20.8.19

O que queres ser quando fores pequeno? (short stories #145)


Fat White Family, “Fringe Runner” (live at The Lexington), in https://www.youtube.com/watch?v=RTWap6oStfY
          Na azenha sobranceira ao rio claro, uma voz cerziu a interrogação: “o que querem ser quando forem pequenos?” Olharam uns para os outros. A voz era gutural, misteriosa, como a voz que se revelava sem rosto. Não estavam a contar. Não é costume formular a questão nestes termos, terão pensado. E eles já não iam para novos, menos sentido fazia a pergunta. Um tomou as rédeas do exercício contrafactual e disse: “eu quero ser guitarrista.” Os outros ficaram ainda mais perplexos. Se havia certeza que podiam ter, é que nenhum ia ser pequeno no futuro que começava daí a uns instantes.
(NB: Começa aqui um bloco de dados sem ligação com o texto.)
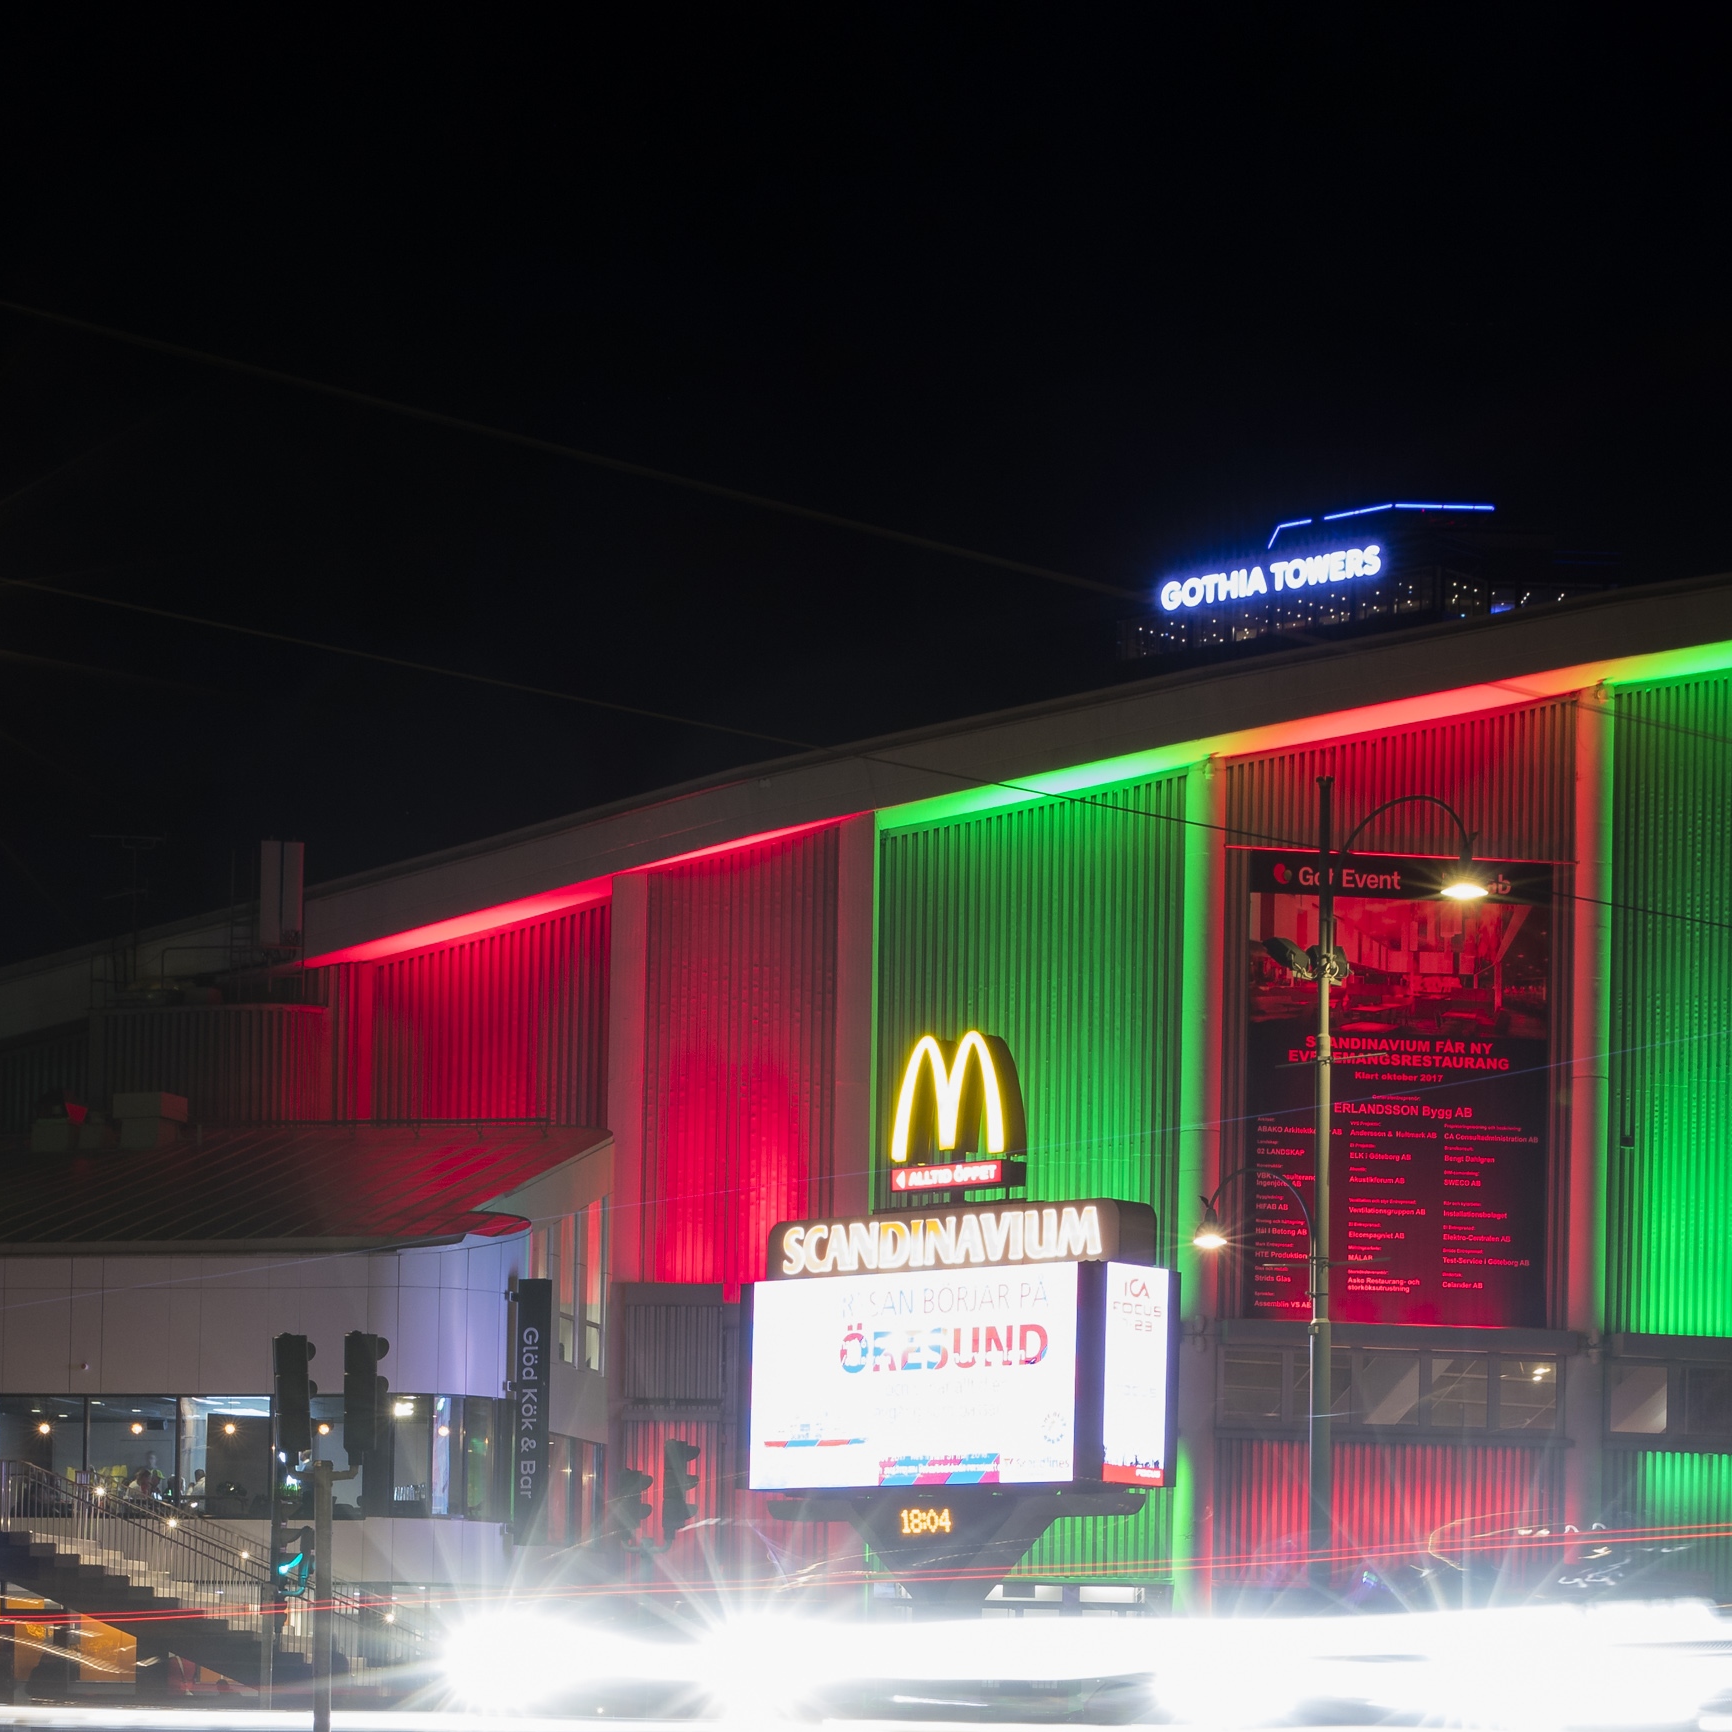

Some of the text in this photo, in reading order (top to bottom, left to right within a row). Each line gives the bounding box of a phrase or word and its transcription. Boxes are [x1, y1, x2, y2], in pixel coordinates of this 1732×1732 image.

Como podia alguém ousar uma resposta a pergunta desprovida de sentido? Outro, não ficando atrás, disse: “eu quero ser sinaleiro, daqueles que agora já não há.” Outro acrescentou: “eu, desempregado, com direito a subvenção vitalícia.” (Este era um homem da direita rude, que desdenhava da segurança social.) Outro não se ficou: “quando for pequeno, quero ser dono de um restaurante.” Já só faltava a outra metade para a curiosidade da voz anónima ficar saciada. Os outros quatro estavam relutantes. Os que já tinham respondido olhavam para os renitentes, à espera da confidência. Um deles, incomodado com tantos olhares intrusivos, anuiu: “quero ser...quero ser...um déspota.” Foi seguido de outro comparsa, que admitiu querer ser “marinheiro, mas só no inverno, quando os navios ficam resguardados no porto.” E mais uma reação: “quando for pequeno, eu quero ser grande, para não ter a ambição de não ser aquilo que não posso ser.” Só faltava um dos comparsas. Demorou algum tempo, até que decidiu tomar a palavra: “eu quero ser apóstolo.” “Apóstolo?!”, exclamaram três ou quatro, em uníssono. “Sim”, respondeu sem pestanejar o aspirante a apóstolo, “tenho tantas ideias que quero espalhar.” Ao fim de umas horas de intenso colóquio, todos perceberam a pergunta. É que vamos para pequenos. Não é assim que os velhos são tratados?